A sitting president had not been denied the nomination of his party since Chester A. Arthur in 1884. His Senate colleagues, including some who had turned hard against the war, like Wisconsin’s Gaylord Nelson and South Dakota’s George McGovern, were urging him not to run, fearing that a divided Democratic Party would only hand the reins of power to Richard Nixon. His advisers from JFK’s days, and his own brother Ted, were offering the same guidance—noting that in most of the big, delegate-rich states there were no primaries; the delegates were controlled by White House loyalists, making an insurgent run highly improbable. Their voices carried more weight than those of his Senate staffers—Adam Walinsky, Peter Edelman, Frank Mankiewicz—who were saying, in effect, “you have to run” (as a 24-year-old staff assistant eight months out of law school I was not exactly a key voice in these deliberations).
So it was not a shock when Kennedy told a breakfast of Washington journalists on January 30, 1968, that “under no foreseeable circumstances” would he run for president. (That breakfast happened on the very day of the Tet Offensive, which ended in military defeat for the North Vietnamese and a massive psychological defeat for the U.S. military). But the declaration seemed to put an end to the matter; Walinsky, the most ardent advocate of a run, told Kennedy he was leaving the Senate staff.
But Kennedy soon changed his mind—why? In the accepted narrative, the deciding factor was Eugene McCarthy’s New Hampshire primary showing, and there is a good amount of truth in that view. RFK and McCarthy held each other, as the British might put it, in “minimum high regard.” McCarthy saw the Kennedys as exemplars of wealth and privilege, while Kennedy saw McCarthy as an indolent elitist, marginally concerned at best with the plight of the poor. At the start of McCarthy’s campaign, Kennedy said, “He’s running to increase his lecture fees.”

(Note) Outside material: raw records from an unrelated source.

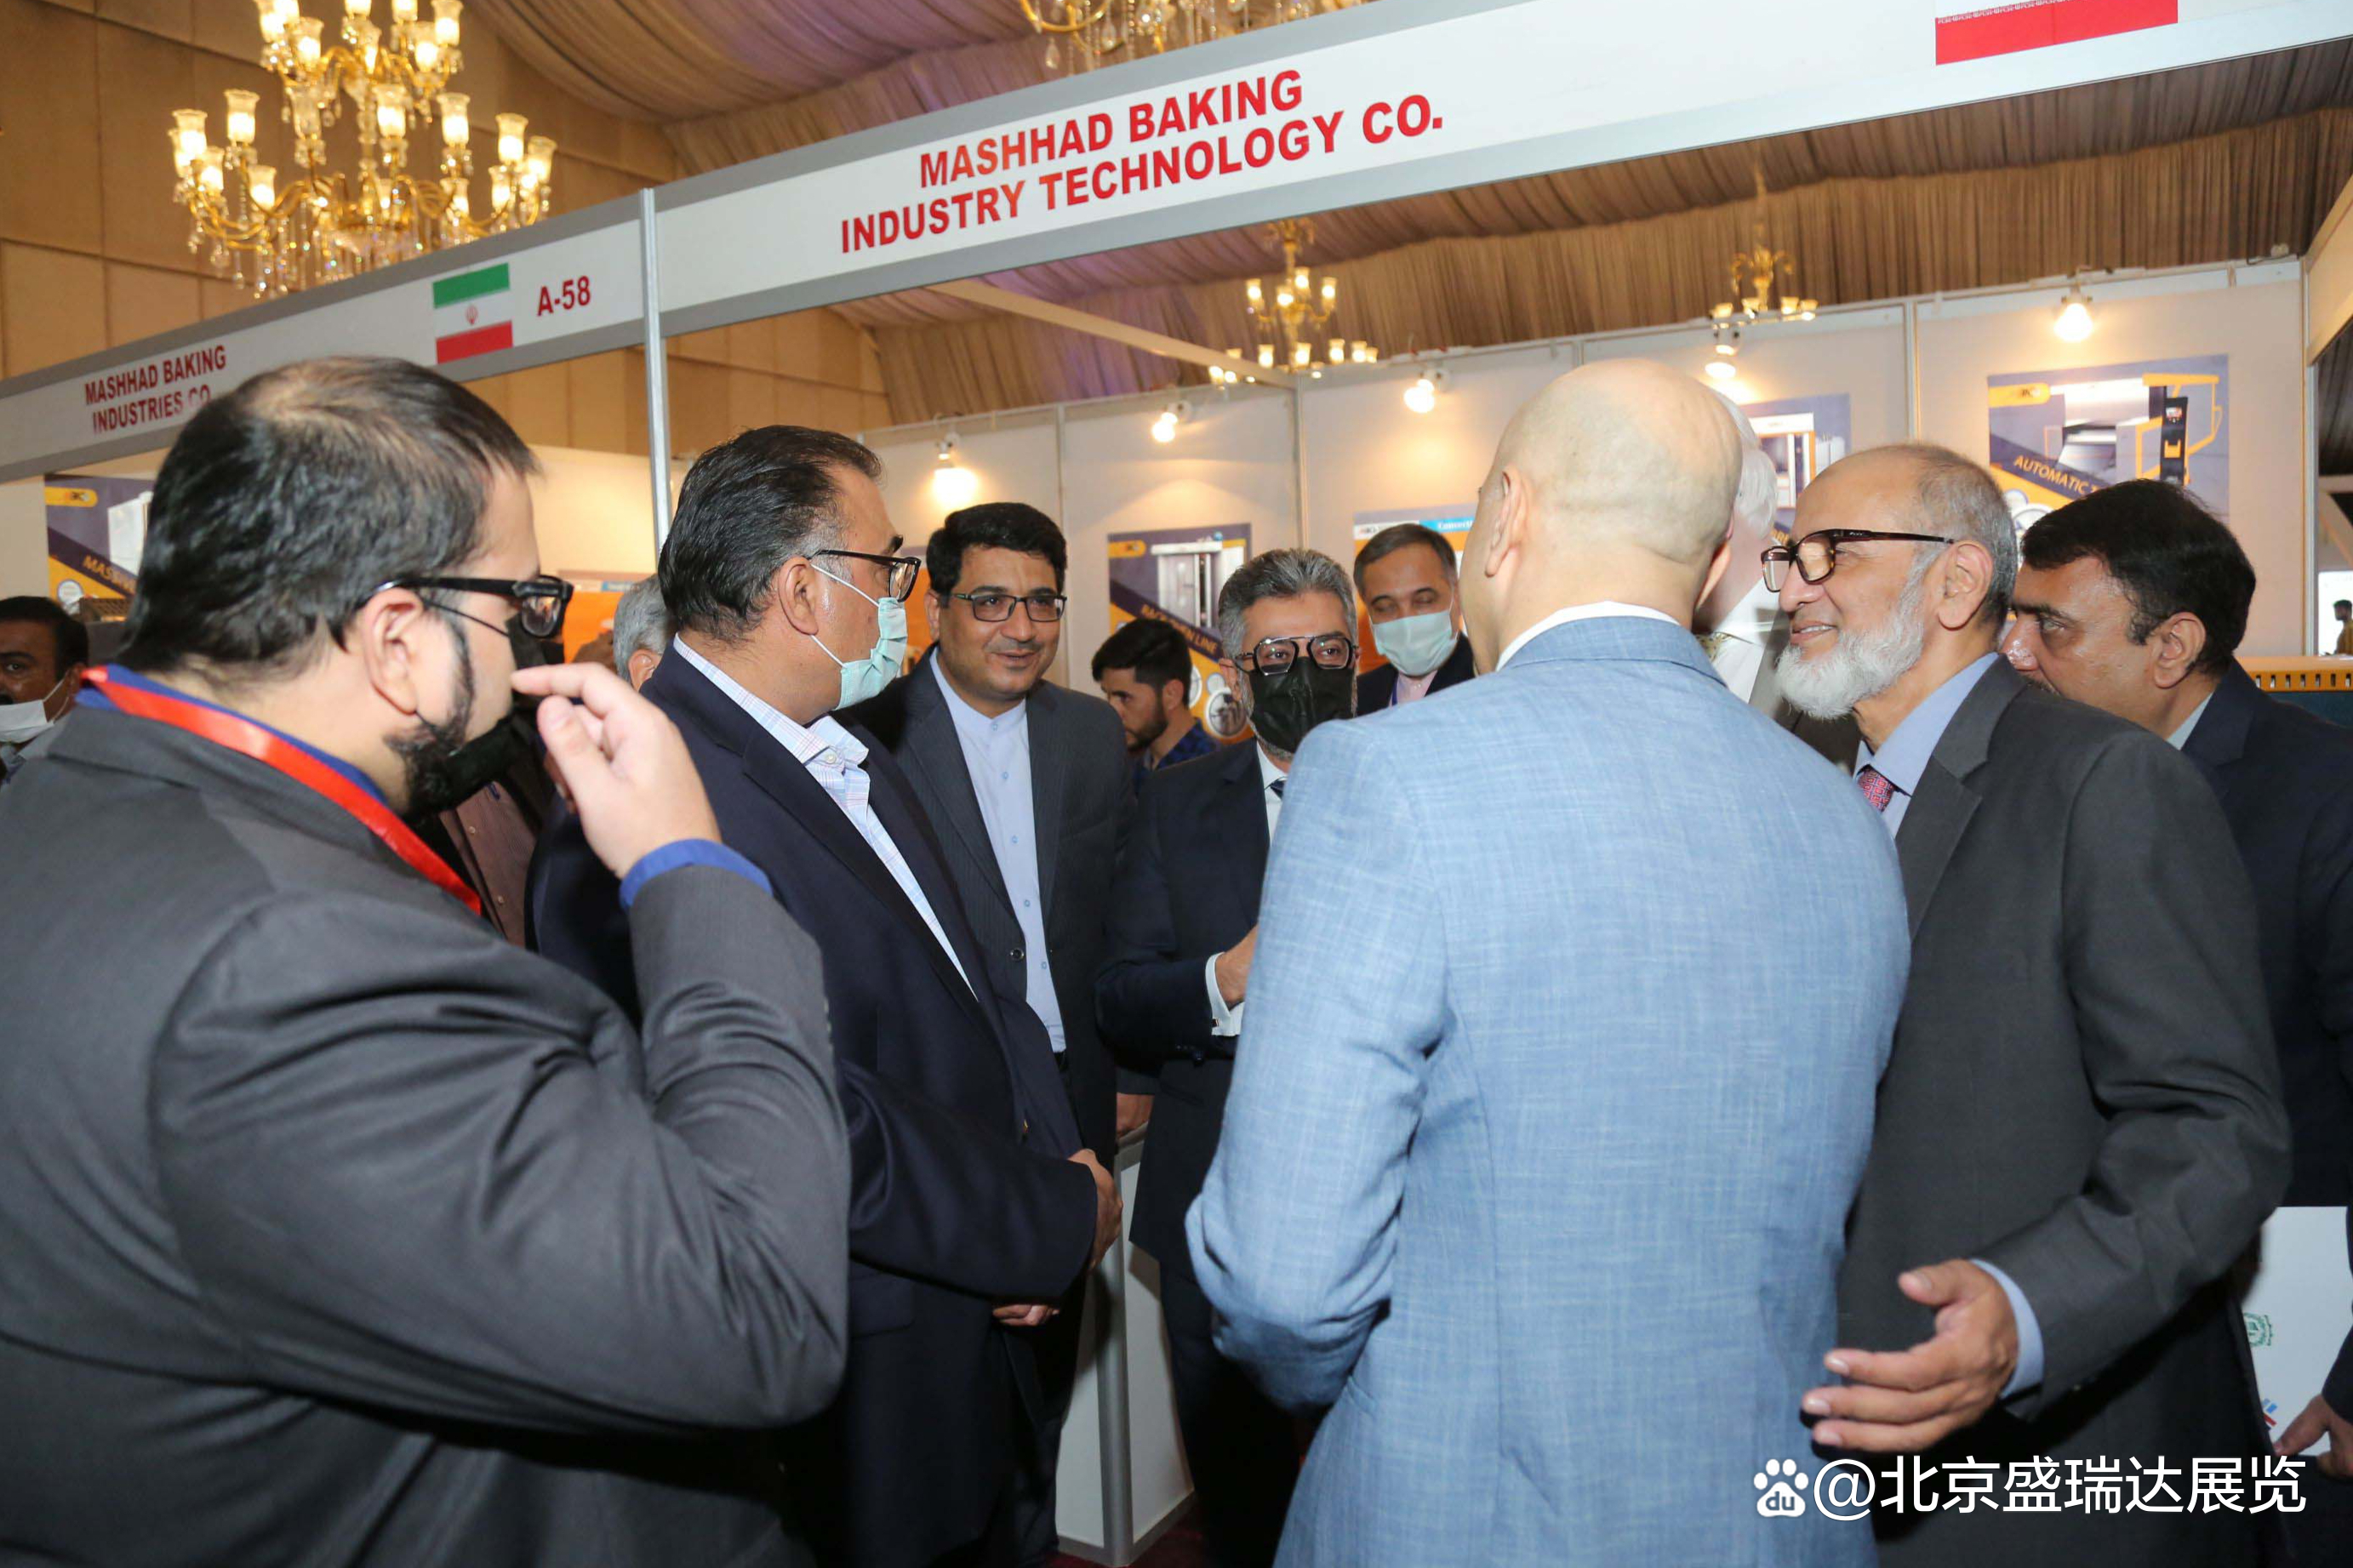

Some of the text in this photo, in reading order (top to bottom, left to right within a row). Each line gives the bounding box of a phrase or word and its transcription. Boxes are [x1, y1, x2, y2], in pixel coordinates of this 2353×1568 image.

[920, 69, 1303, 189] MASHHAD BAKING
[841, 94, 1444, 254] INDUSTRY TECHNOLOGY CO.
[536, 275, 591, 316] A-58
[84, 344, 227, 406] MASHHAD BAKING
[92, 390, 185, 435] INDUSTRIES
[2013, 454, 2089, 494] AUTOMATIC
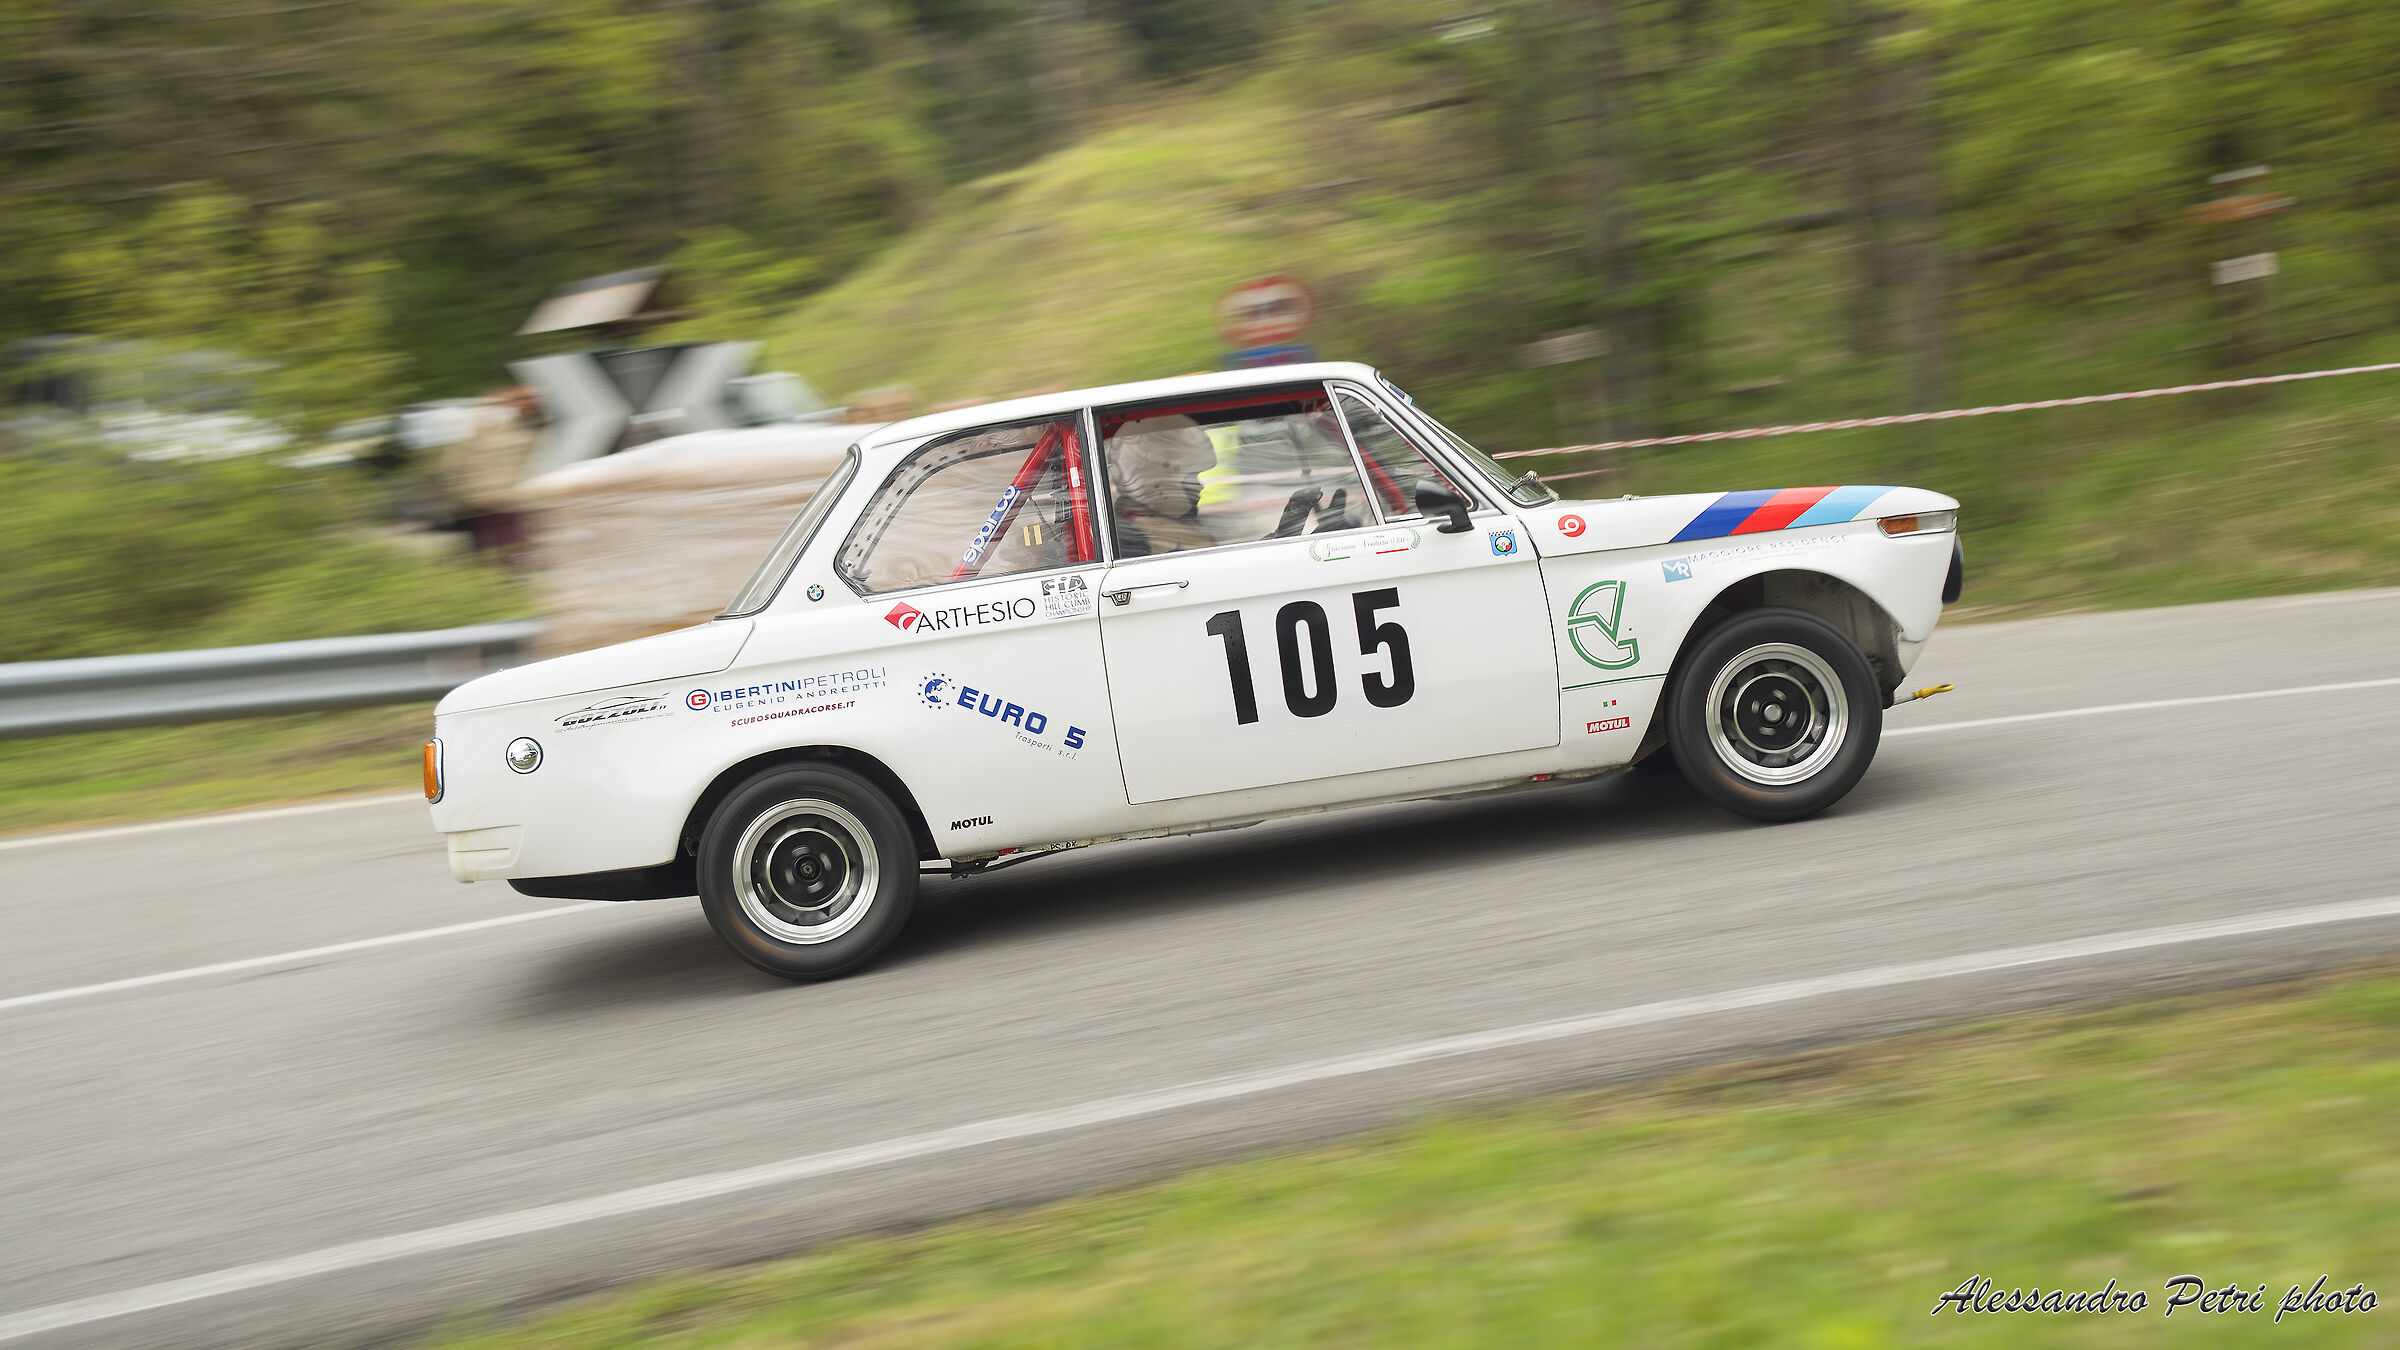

But as primary day grew closer, it was clear McCarthy had tapped into a powerful sense of discontent with the war. It was not one-sided; surveys later showed that a plurality of his voters thought the war should be escalated. But it was enough to suggest that LBJ was about to receive a political shock. That possibility, added to Kennedy’s own instincts, turned him around before the New Hampshire primary votes were cast.